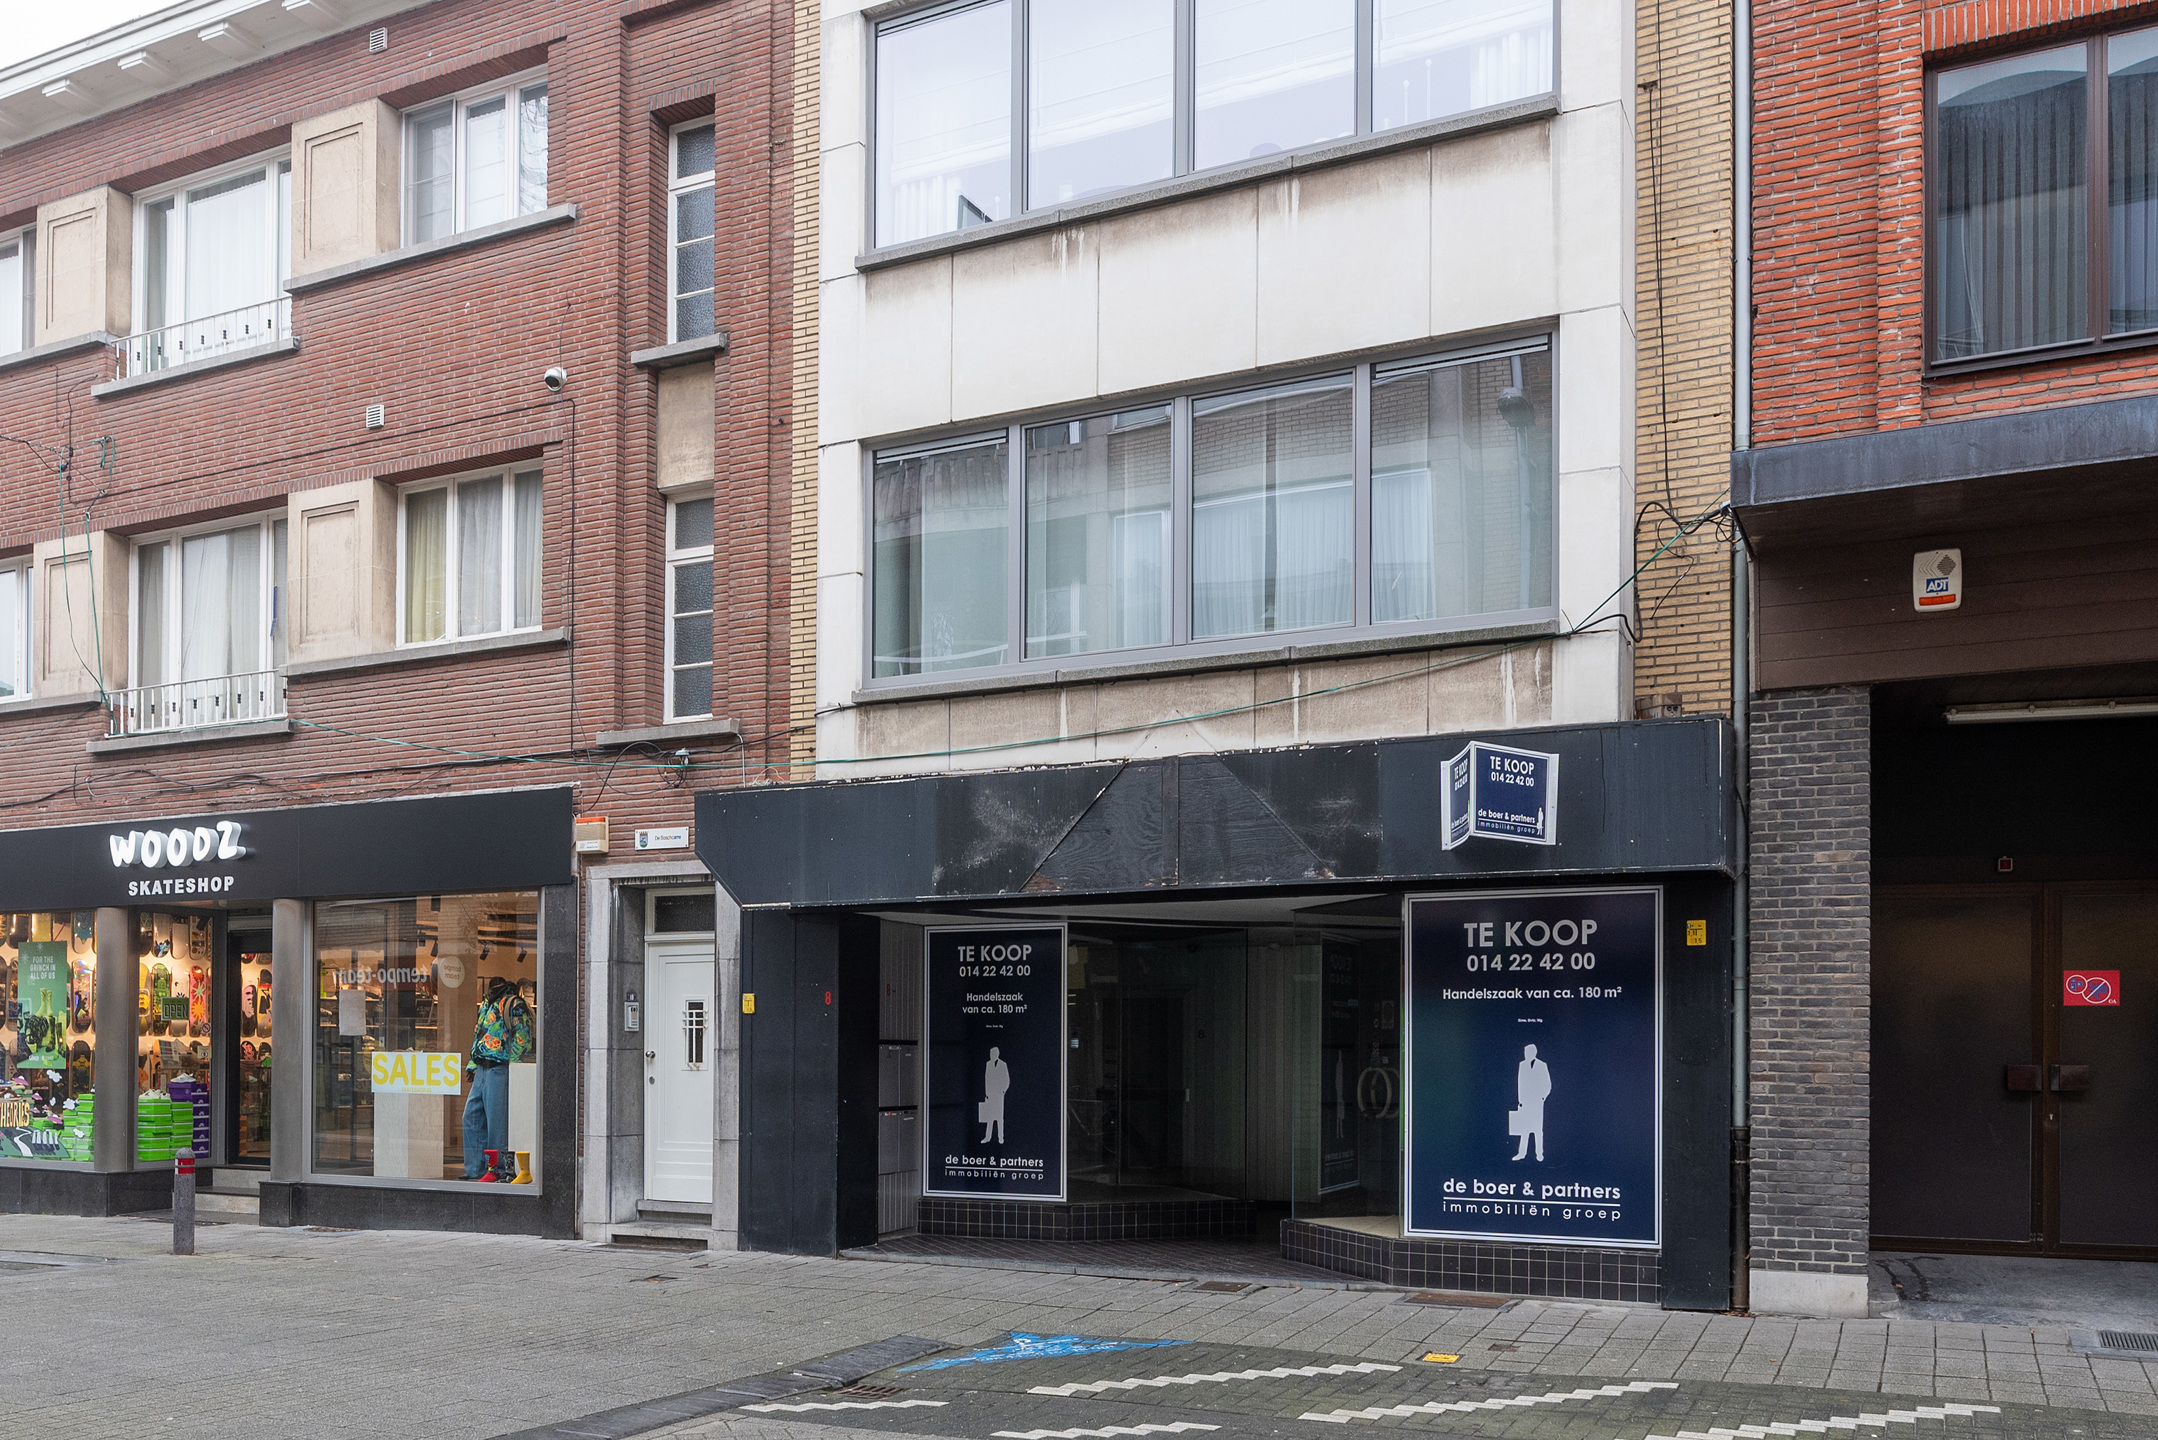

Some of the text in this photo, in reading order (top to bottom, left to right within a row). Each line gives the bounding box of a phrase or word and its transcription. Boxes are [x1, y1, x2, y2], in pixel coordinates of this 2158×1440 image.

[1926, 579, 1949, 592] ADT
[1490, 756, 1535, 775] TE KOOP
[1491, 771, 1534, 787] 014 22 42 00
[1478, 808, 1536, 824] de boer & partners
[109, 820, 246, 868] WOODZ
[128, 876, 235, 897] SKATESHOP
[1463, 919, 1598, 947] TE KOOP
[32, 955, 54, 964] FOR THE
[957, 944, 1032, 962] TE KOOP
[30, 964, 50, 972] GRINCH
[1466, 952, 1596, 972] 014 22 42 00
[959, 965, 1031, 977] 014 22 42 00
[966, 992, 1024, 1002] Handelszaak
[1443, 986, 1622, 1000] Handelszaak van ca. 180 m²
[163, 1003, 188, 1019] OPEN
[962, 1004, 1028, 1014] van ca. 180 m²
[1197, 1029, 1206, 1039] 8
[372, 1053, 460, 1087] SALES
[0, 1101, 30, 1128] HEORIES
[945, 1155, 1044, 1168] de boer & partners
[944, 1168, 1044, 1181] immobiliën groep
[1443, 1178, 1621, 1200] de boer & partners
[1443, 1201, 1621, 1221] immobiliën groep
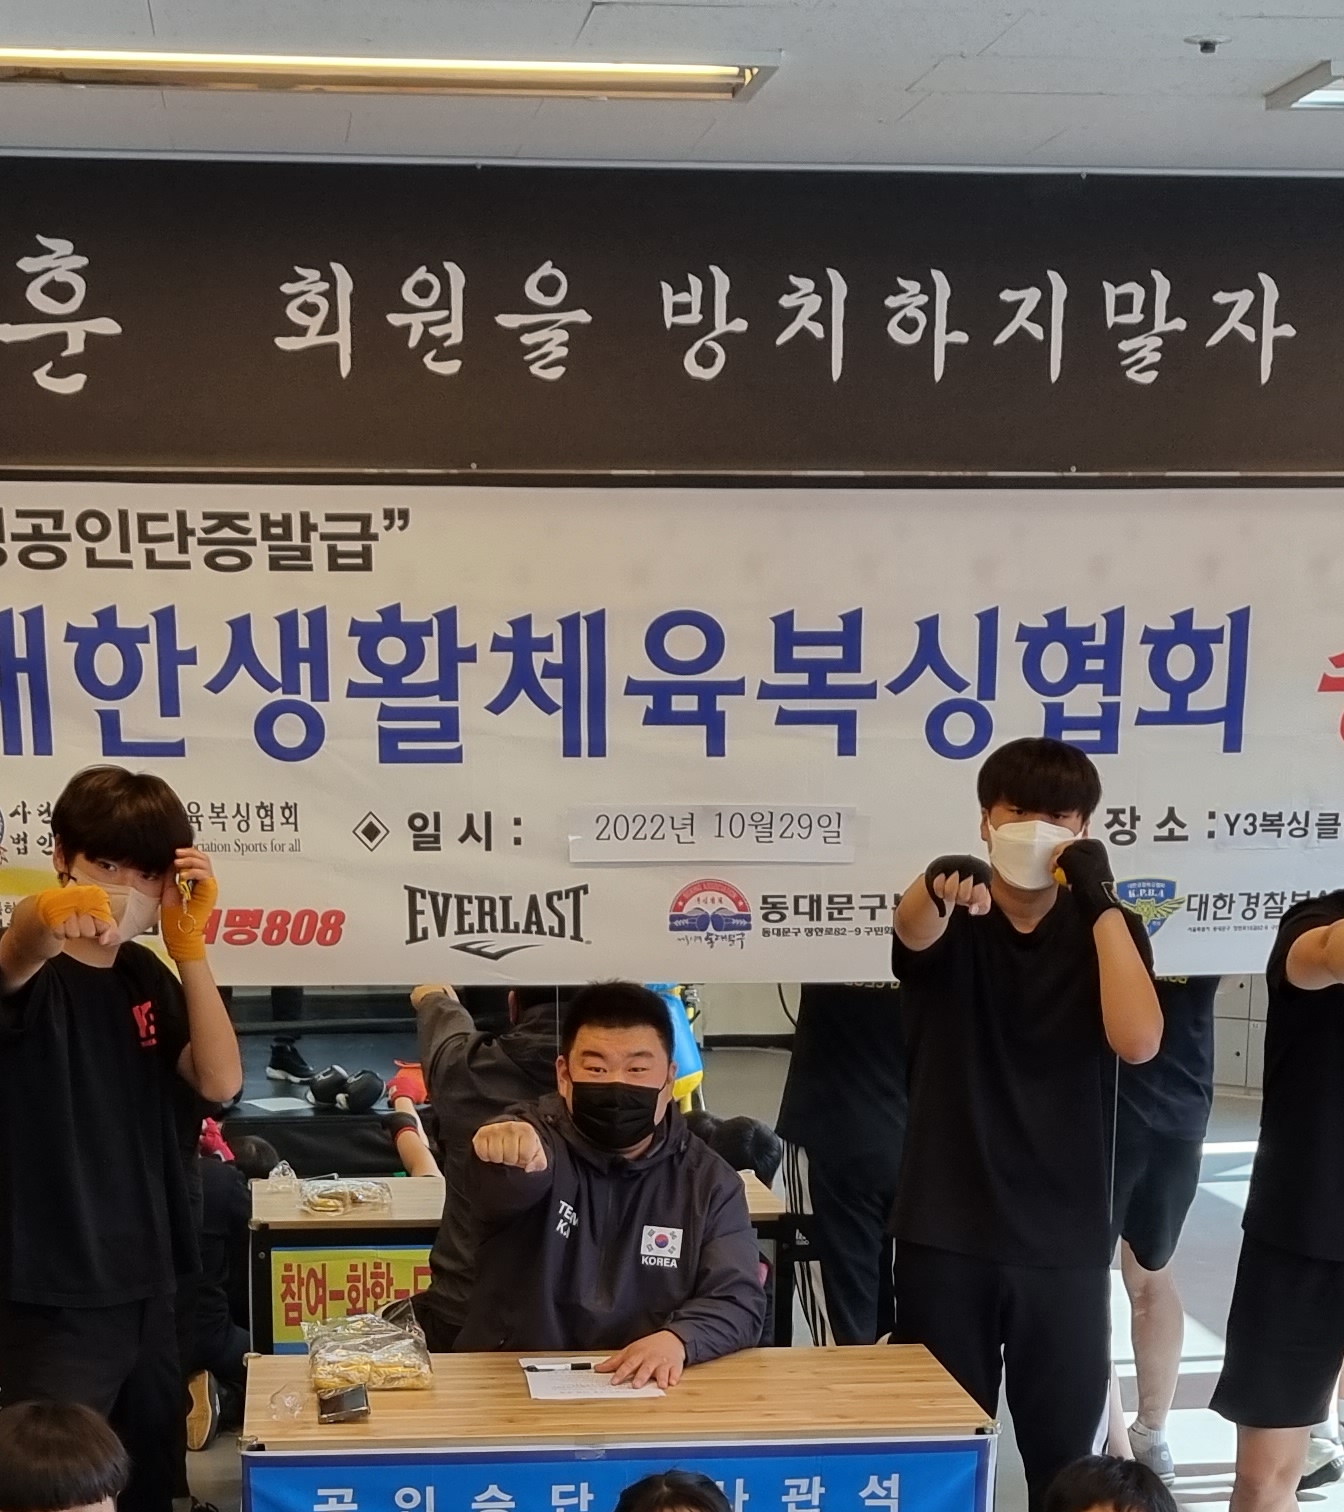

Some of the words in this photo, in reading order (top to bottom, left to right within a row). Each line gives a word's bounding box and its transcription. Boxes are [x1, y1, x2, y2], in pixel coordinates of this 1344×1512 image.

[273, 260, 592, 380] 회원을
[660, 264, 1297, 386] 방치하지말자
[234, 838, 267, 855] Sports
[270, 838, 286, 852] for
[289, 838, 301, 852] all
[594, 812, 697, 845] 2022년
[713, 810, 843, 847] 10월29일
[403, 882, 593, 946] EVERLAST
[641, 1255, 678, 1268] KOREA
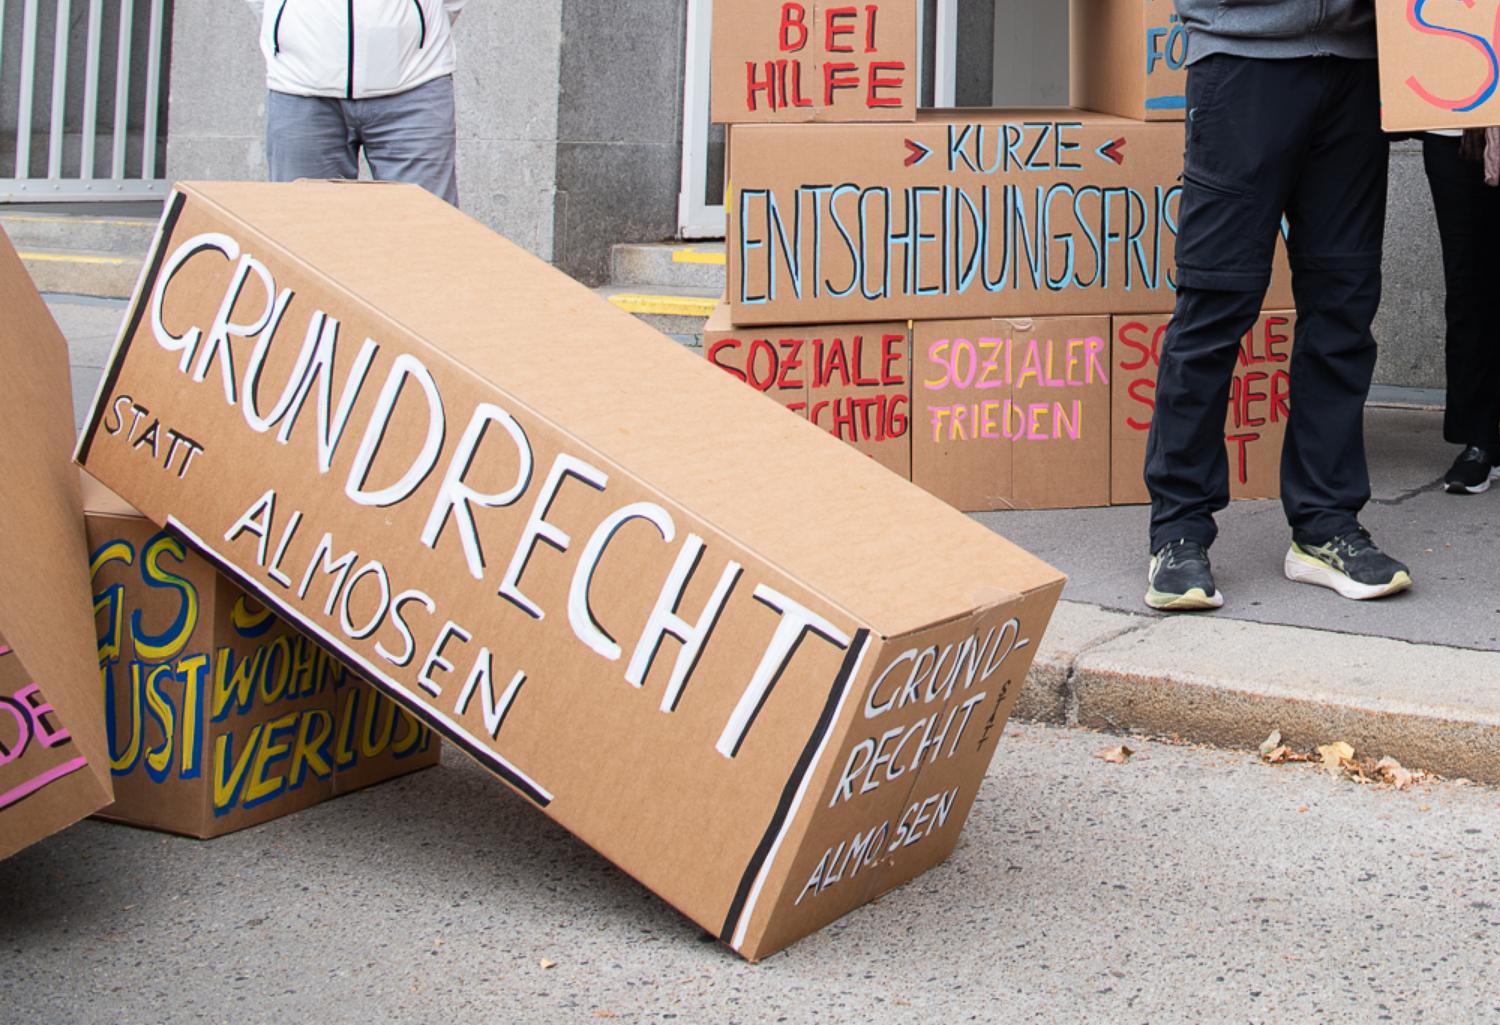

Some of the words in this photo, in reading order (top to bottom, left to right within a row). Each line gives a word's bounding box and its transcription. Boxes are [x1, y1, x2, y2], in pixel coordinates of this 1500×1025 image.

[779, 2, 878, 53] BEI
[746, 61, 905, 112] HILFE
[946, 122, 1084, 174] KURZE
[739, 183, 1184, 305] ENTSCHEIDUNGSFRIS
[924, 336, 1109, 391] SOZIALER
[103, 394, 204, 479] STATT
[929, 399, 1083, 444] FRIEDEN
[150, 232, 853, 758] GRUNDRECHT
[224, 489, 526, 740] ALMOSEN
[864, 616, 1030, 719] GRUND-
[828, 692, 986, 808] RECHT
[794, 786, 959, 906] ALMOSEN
# # # # #
Problem: Output exactly the lines from the one holding "this 1500×1025 image." to the end of the material above, with both ends included.

Problem solution:
Some of the words in this photo, in reading order (top to bottom, left to right within a row). Each line gives a word's bounding box and its transcription. Boxes are [x1, y1, x2, y2], in pixel coordinates of this 1500×1025 image.

[779, 2, 878, 53] BEI
[746, 61, 905, 112] HILFE
[946, 122, 1084, 174] KURZE
[739, 183, 1184, 305] ENTSCHEIDUNGSFRIS
[924, 336, 1109, 391] SOZIALER
[103, 394, 204, 479] STATT
[929, 399, 1083, 444] FRIEDEN
[150, 232, 853, 758] GRUNDRECHT
[224, 489, 526, 740] ALMOSEN
[864, 616, 1030, 719] GRUND-
[828, 692, 986, 808] RECHT
[794, 786, 959, 906] ALMOSEN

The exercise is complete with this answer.